Plasma analysis included SARS-CoV-2 receptor-binding domain (RBD) spike-specific antibody levels, surrogate neutralizing antibody activities, and antibody avidity; 18-plex cytokine and chemokine quantification (Luminex); and unbiased LC/MS-based mapping of plasma proteins. These data and their analyses uncovered plasma factors that persist for months post-acute SARS-CoV-2 infection (fig. S1B-C), and also expected antibody dynamics, with increased quality and durability of antibody responses in those with severe disease (fig. S1A). No sustained alterations in plasma factors (i.e., proteins or cytokines/chemokines from LC/MS and Luminex analysis) were observed in mild post-COVID-19 (M:2-4mo and M:4-12mo, fig. S1B-C) compared to healthy study participants. In contrast, we observed a persistent and distinctive active plasma response featuring inflammatory cytokines (IL-6, IL-8) (fig. S1C), immune complement (C1QA, C1R, C3, C4A), and vascular response factors (SAA1, ORM1, LBP, fibrinogen-FGG/FGA, LRG1) in early convalescent severe COVID-19 study participants (S:2-4mo) (fig. S1B). Levels of acute-phase proteins and platelet factors were elevated in both S:2-4mo and nonCoV, compared to healthy study participants (fig.

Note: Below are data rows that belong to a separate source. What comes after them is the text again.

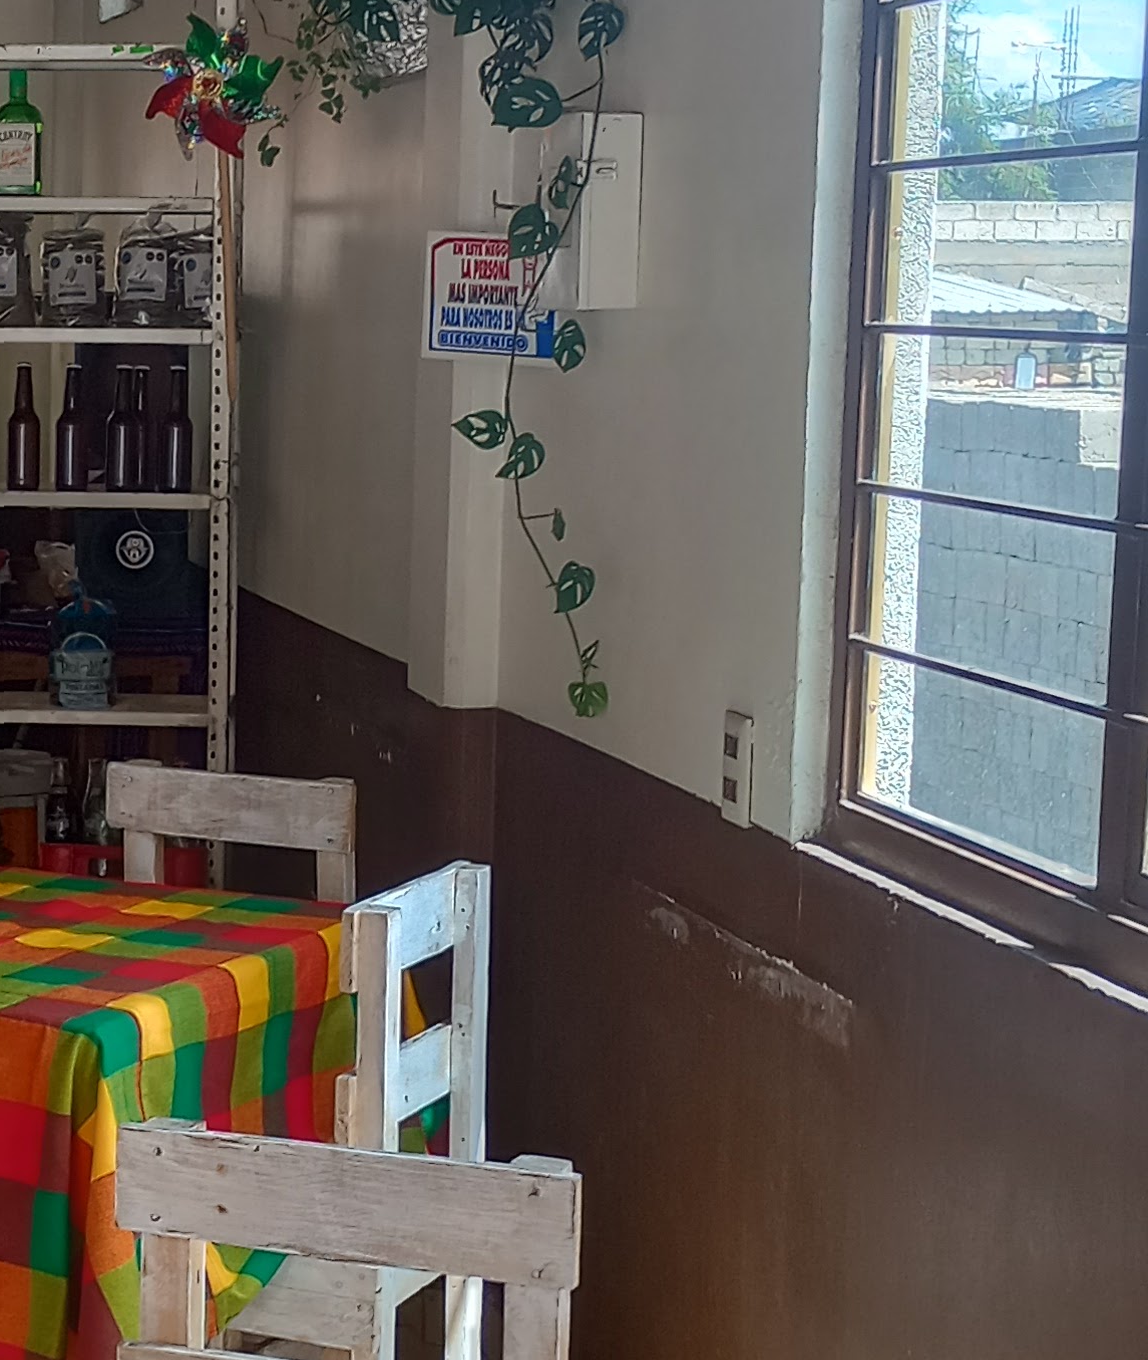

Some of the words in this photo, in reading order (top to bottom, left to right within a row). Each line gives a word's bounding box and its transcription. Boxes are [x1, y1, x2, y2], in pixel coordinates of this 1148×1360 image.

[453, 243, 464, 255] EN
[466, 243, 482, 256] ESTE
[485, 243, 510, 257] NEGO
[461, 258, 471, 279] LA
[473, 259, 510, 281] PERSONA
[448, 283, 466, 303] MAS
[468, 283, 518, 306] IMPORTANTE
[441, 306, 460, 327] PARA
[463, 307, 503, 330] NOSOTROS
[504, 309, 513, 330] ES
[440, 332, 528, 351] BIENVENIDO
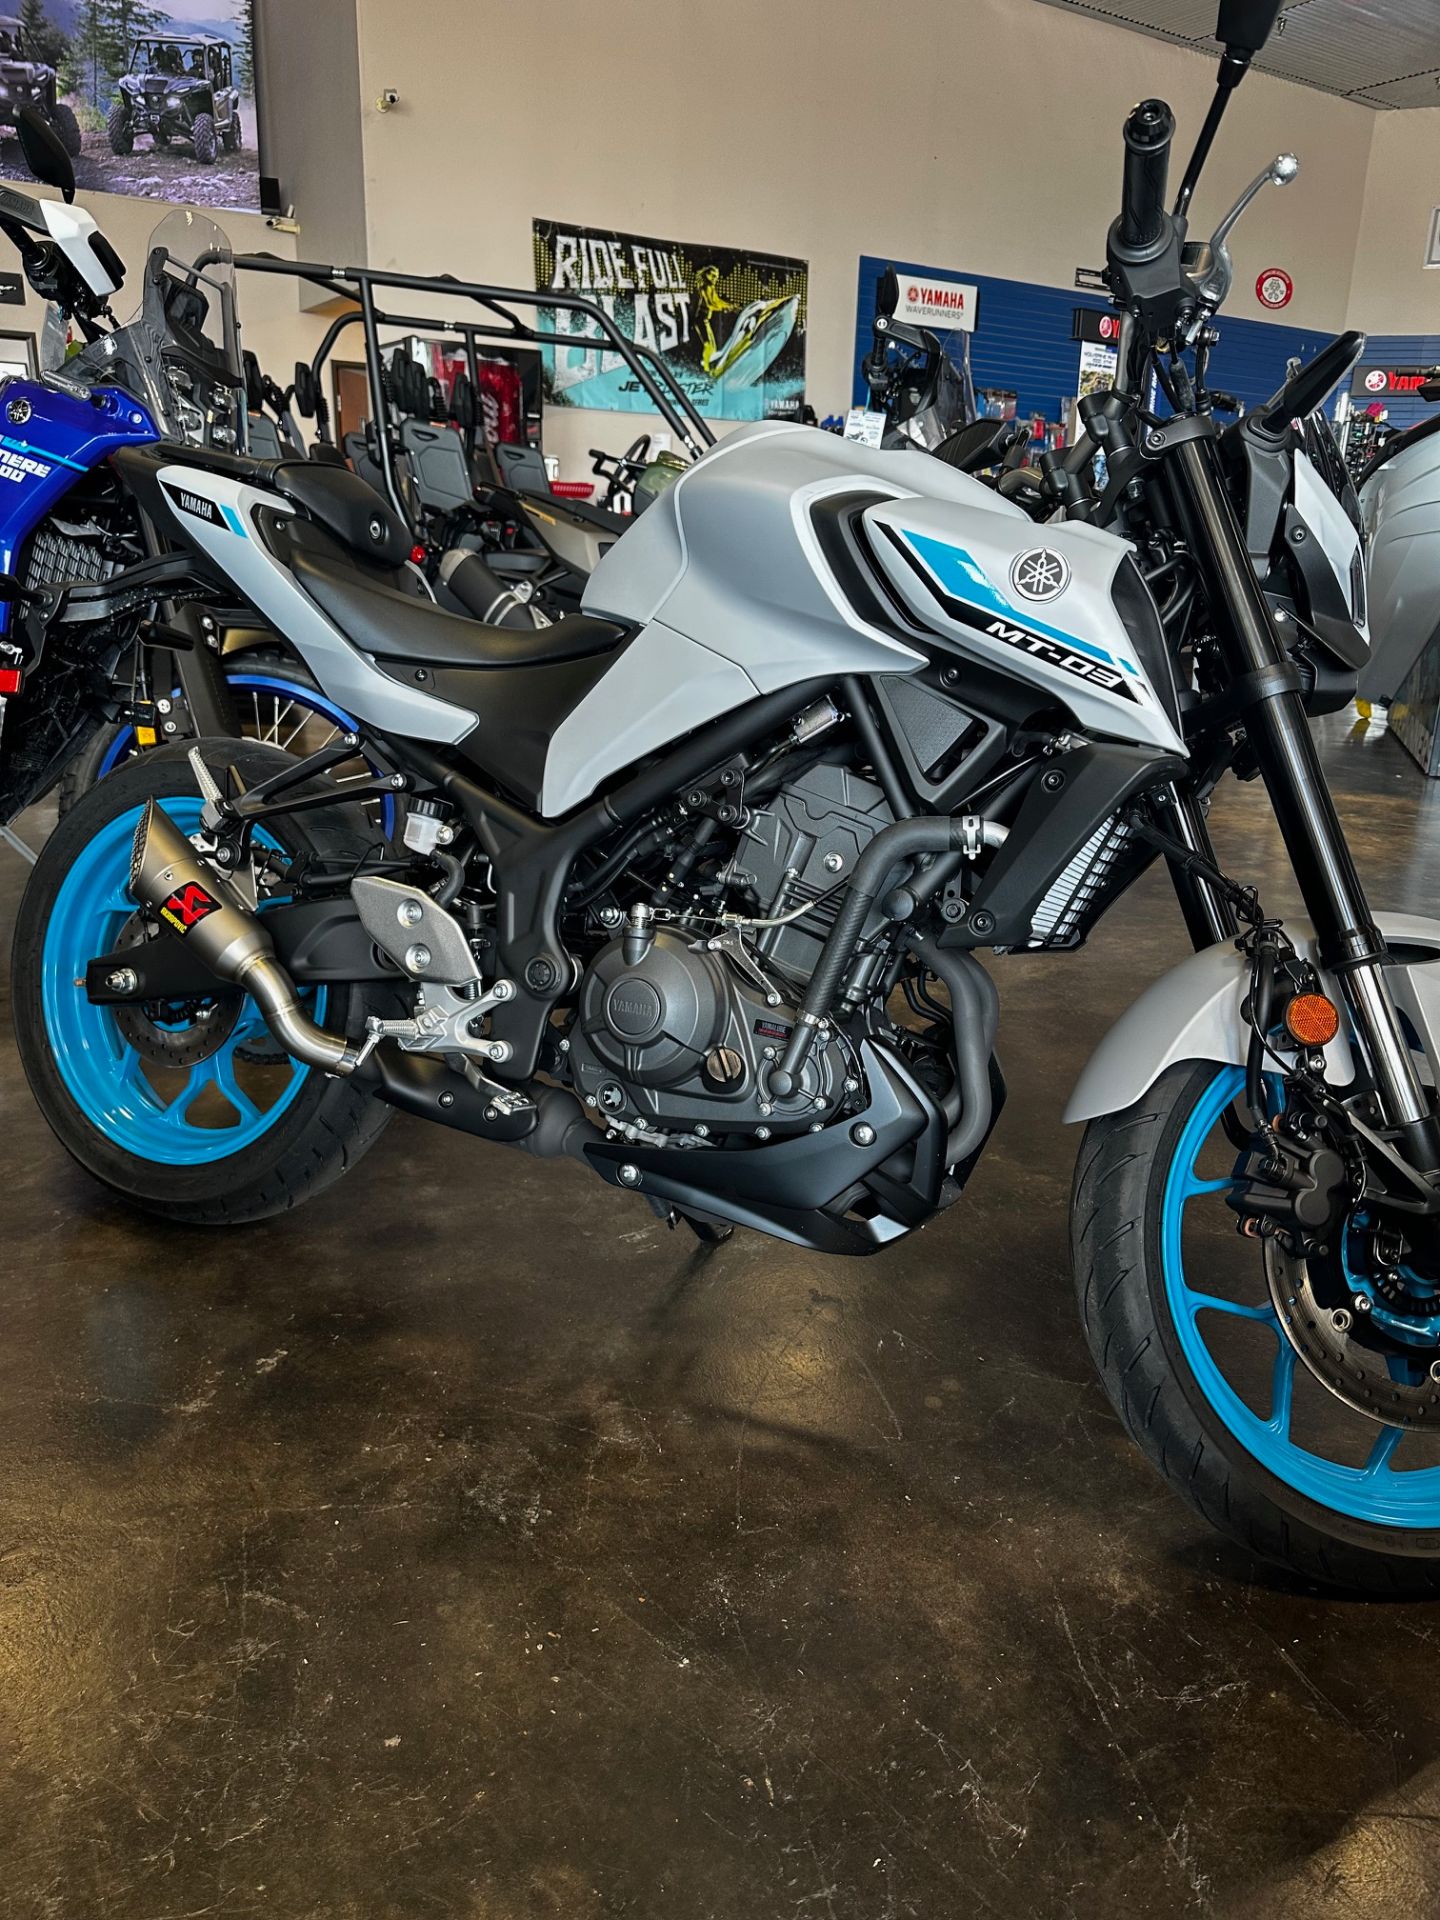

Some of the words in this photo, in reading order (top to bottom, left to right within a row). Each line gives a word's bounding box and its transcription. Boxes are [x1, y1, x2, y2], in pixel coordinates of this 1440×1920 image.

[551, 235, 635, 289] RIDE
[631, 245, 687, 288] FULL
[921, 288, 964, 309] YAMAHA
[551, 293, 690, 394] BLAST
[1387, 371, 1427, 391] YAM
[180, 491, 213, 519] YAMAHA
[985, 621, 1124, 689] MT-03
[612, 998, 653, 1016] YAMAHA

S1B). These data establish the presence of a months-long activation of immune complement and vascular response factors that could contribute to post-COVID-19 sequelae (fig. S1B-C and Supplementary text). Importantly, in late convalescence following severe COVID-19 (S:4-12mo), there were no significant alterations in plasma factors by LC/MS compared to healthy donors, indicating a full resolution of the active plasma response and overt inflammation at the protein level (fig. S1B). This suggests that any persistent changes in cellular composition or phenotypes in late convalescence of study participants with severe COVID-19 are independent of an ongoing and active inflammatory program and hence point to epigenetic mechanisms behind prolonged effects of COVID-19.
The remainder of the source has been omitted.